Living in another country from my Mother who’s recently diagnosed with NSCLC

I’m new here and don’t know what to write. I guess I’m asking how others manage to live in a different country from a parent or loved one as I’m finding it very difficult. Also has anyone got any tips on how to keep this miracle pill Gefitinib working??? It’s been magic so far

Hi and welcome to the online community although I'm very sorry for the reason that you've had to find us.

It must be very difficult for you living away from your mum and I can understand why you'd like help with ways to cope with this as well as finding out more about the treatment she's having.

With this in mind could I suggest that you join the family and friends group, where you can discuss your worries and get support, and also the lung cancer group whose members should be able to answer your questions about treatment if they've had Gefitinib.

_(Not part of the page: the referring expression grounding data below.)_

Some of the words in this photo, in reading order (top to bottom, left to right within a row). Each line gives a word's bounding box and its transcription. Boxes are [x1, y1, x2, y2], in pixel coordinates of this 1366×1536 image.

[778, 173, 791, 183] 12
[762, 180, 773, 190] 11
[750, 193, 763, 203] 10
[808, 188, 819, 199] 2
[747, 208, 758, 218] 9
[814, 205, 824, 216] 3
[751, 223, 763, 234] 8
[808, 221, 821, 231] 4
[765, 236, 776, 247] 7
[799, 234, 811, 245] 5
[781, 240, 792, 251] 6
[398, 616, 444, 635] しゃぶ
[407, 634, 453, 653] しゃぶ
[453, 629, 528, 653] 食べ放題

To join these groups just click on the links I've created and then choose 'join this group' on the pages that open. To ask a question or introduce yourself select 'start a discussion' and to respond to existing posts click on 'reply'.

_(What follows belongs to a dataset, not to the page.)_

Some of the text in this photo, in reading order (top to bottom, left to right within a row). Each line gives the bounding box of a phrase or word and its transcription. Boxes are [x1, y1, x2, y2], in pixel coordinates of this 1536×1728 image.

Sending a supportive ((hug))

x

Thank you for your response and guidance. I’ve joined the family and friends but haven’t posted yet, I’ve found myself reading so many posts that are so moving yet encouraging. This disease takes us all through unknown paths. Knowing there are people out there to talk to is such a comfort.  

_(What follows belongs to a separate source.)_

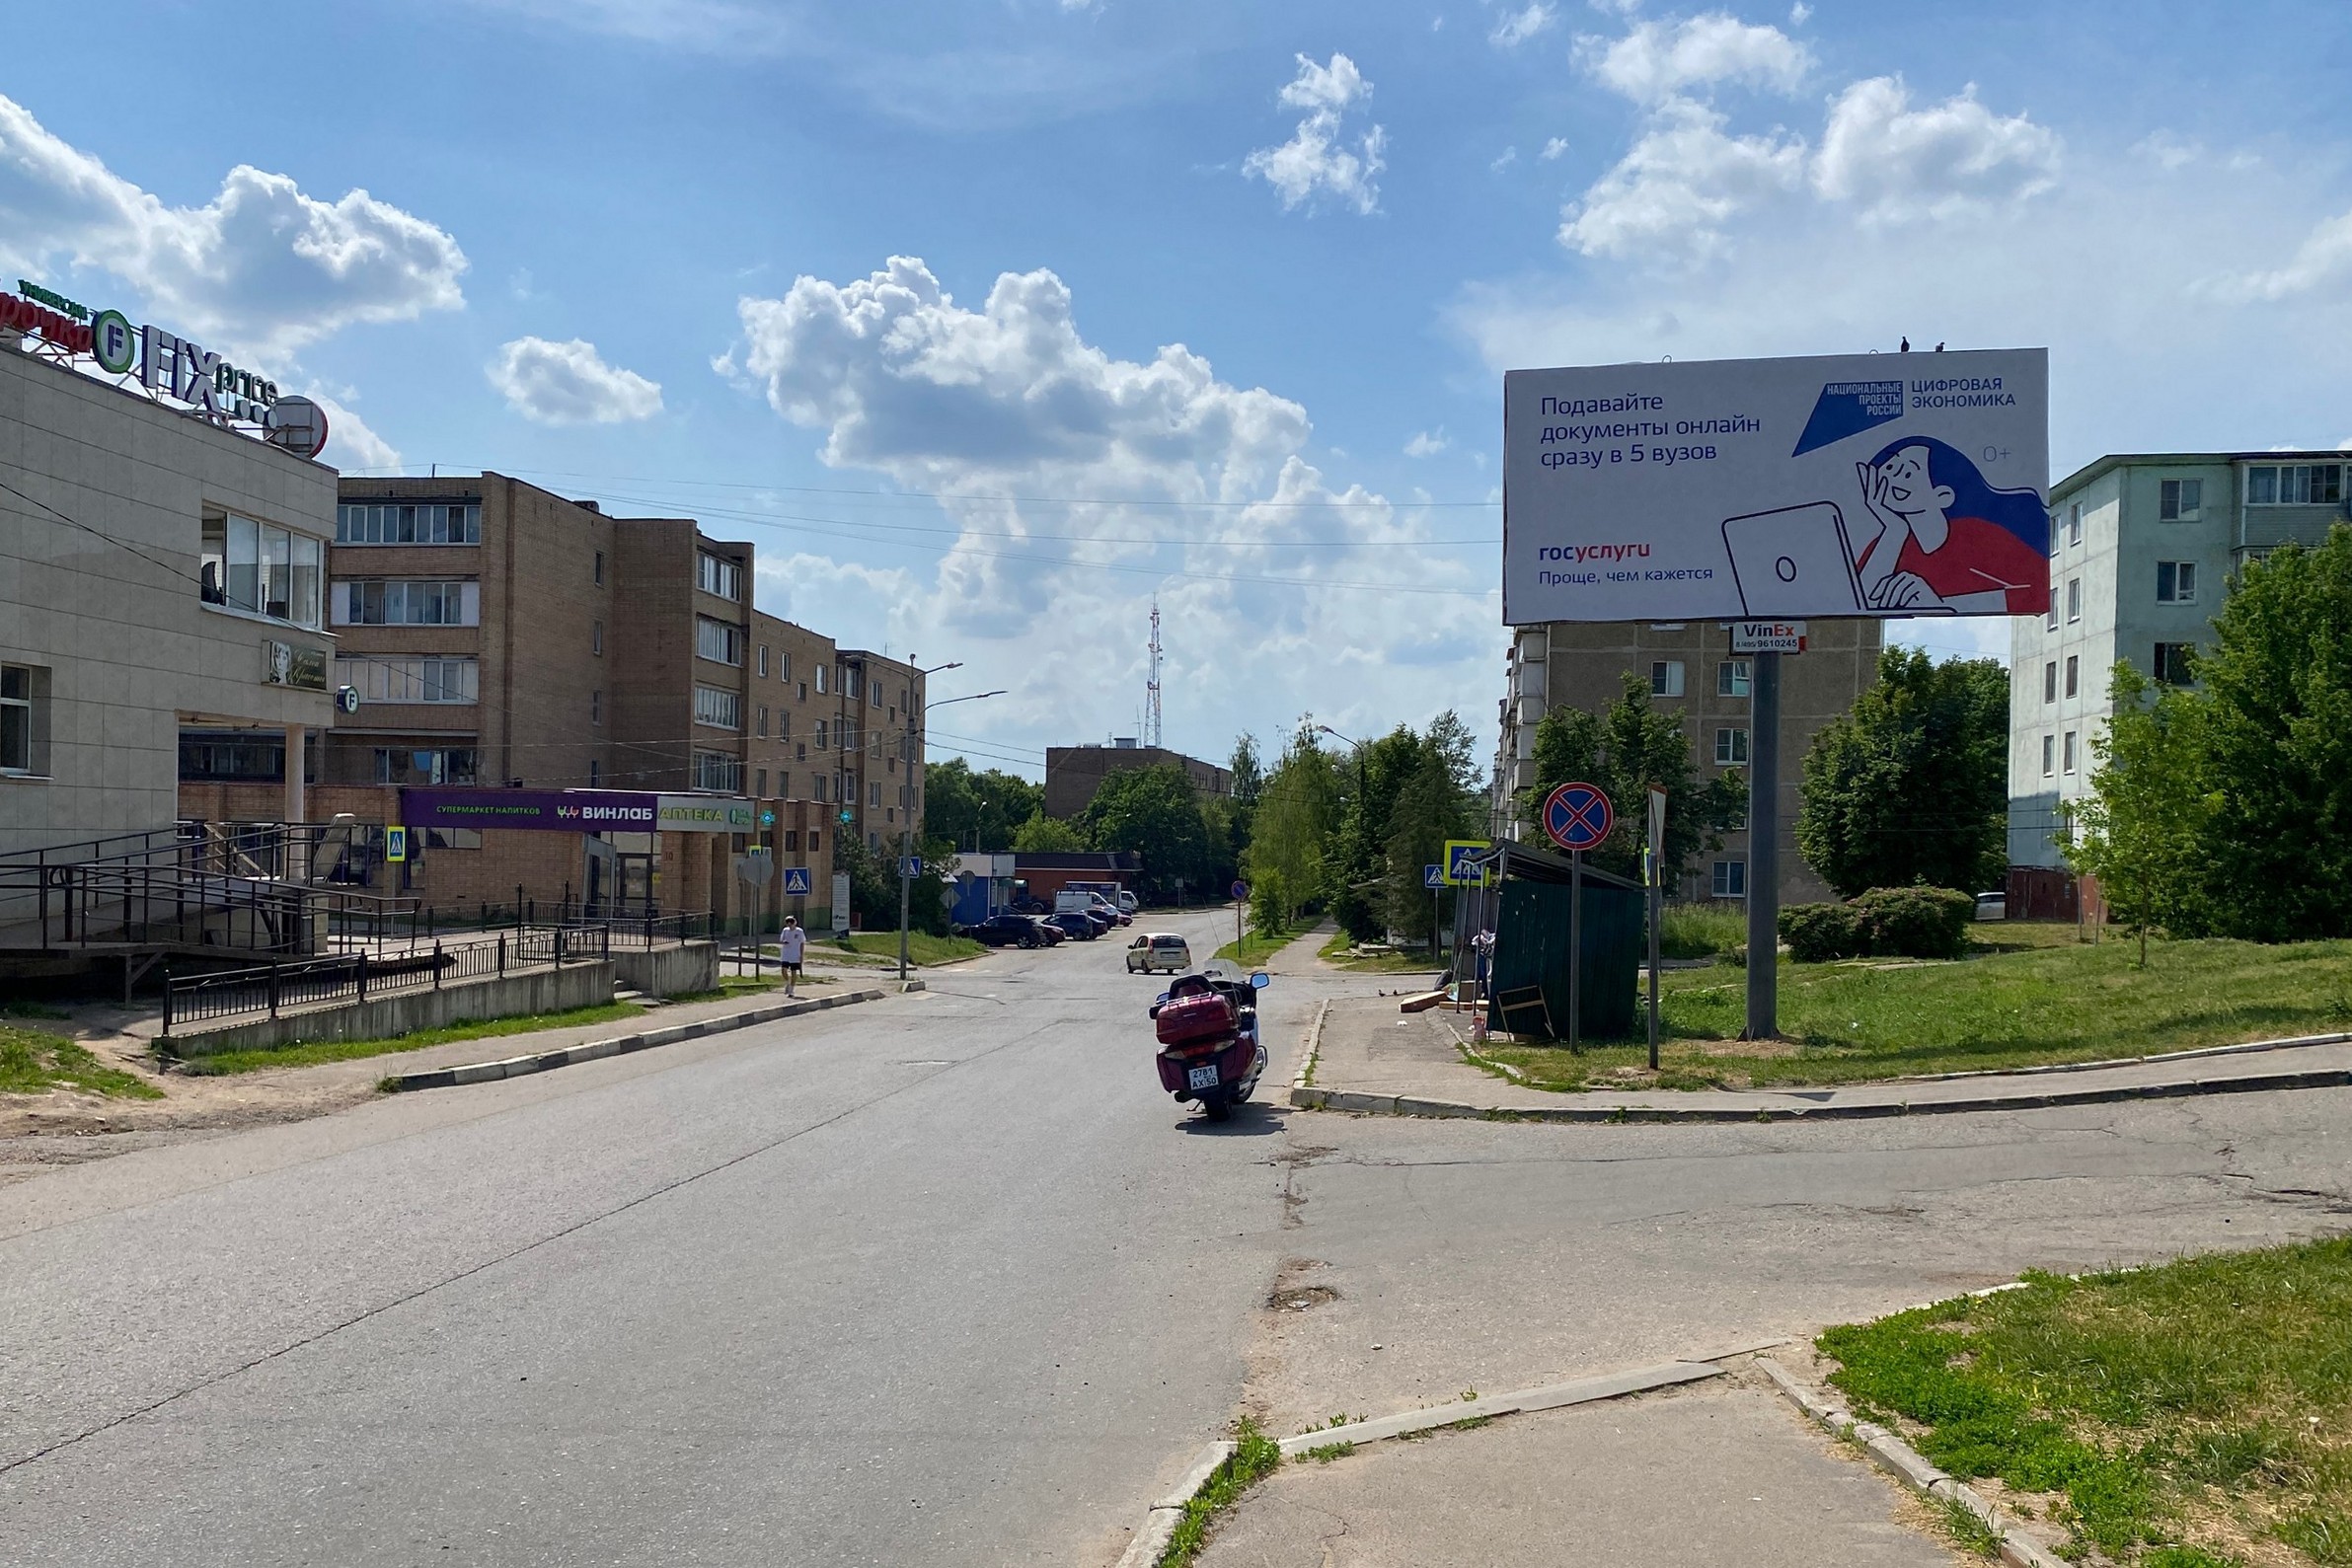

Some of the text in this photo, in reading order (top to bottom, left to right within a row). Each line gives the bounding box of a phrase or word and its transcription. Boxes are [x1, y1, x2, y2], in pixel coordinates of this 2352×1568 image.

Hi , I thought I’d pop in and say hi. My daughter has lived in Japan for nearly 5 years and I was diagnosed with metastatic melanoma nearly 4 years ago, thank goodness for the internet and video calls that can make that distance just disappear.

Best wishes

1. I haven’t found the distance disappear at all, I’m happy you and your daughter have found comfort in the wonders of today’s technology. It really is incredible to be able to video call. My Mother and I message through a popular app and call for free, I don’t think my Mother is comfortable video calling, at least at this time.
2. Since Mams diagnosis I’ve taken off work and traveled to the UK for 10 weeks in 7 months and plan on going again next month for 3 weeks.
3. We are very close and the distance between us is not working at all for me, I’m isolating myself and finding it very hard. I don’t let her know how I’m really feeling as she needs positive energy. I’m very much involved in her doctors appointments and specialist nurses and have been from the day I basically dragged her to see a doctor on a Sunday afternoon after traveling to be with family and seeing Mam coughing and keeping over. She’s very stubborn when it comes to doctors but I think this has shaken her. She’s not o e to open up or complain and definitely needs support in that department, but it’s not easy. Although when she was seriously ill and after just days of finding out about her stage 4 metastasis cancer along with a blood clot in the same lung as the main tumor, She did let me help her in all departments and I’m grateful she let me in.
4.  

I’m sorry this is so tough for you. The friends and family group will have a friends and family take on things and I hope help you think things through. Each family Is different, I read in your profile that your Mam said she didn’t want you to come home. I think that’s a very natural reaction, it’s what I have said to both my daughters. On first diagnosis my thinking was it could take a long while for my daughter to pack up and move and if I didn’t last long, she would have done all that big change for nothing. If my treatment worked I didn’t want to be responsible for her making a change she wouldnt have made if I hadn’t been ill. My head was making all the decisions and weren’t necessarily logical. My heart was saying nothing as my own Mum had passed away 3 months before my diagnosis, and I wasn’t letting any emotion in about how I might like to see my daughter again and have her living close by enter my head. But this isn’t about me and my daughter it’s about you and your Mam exploring what she feels and what you feel, and that is very hard to do face to face and probably even harder in messages. 

It sounds like you want to come back to the U.K. because she is stage 4, and because you want her to have a good quality of life in what ever time she has left or have I got that wrong? That might be for some all the reason that they need to up sticks and for others the head decisions of career? Relationships in the US? Might be pulling in another direction. There might be different thought going round in your head depending on how confident you are in any prognosis discussed, or any hopes there are of any new treatments. Then there’s your Mams feeling what does she want, and checking if what she says, is that what she means? is she answering as a mum protecting her child or as a patient ruled by her heart or by her head, what difficulties might there be. I am a big over thinker and no decision is wrong at the time you make it as long as you have taken steps to consider as much info as possible. But I used to work on appeals as my job, and  an original decision can change when new info is taken into account. I hope you have the chance to get you and your mum and any one affected by your decision to have a big think and talk, and that you come to terms with what ever action you take.

Im sorry that you have to face this horrible time, it sounds like you are a very loving daughter and that you have already been able to spend a lot of time and given great support to your Mum.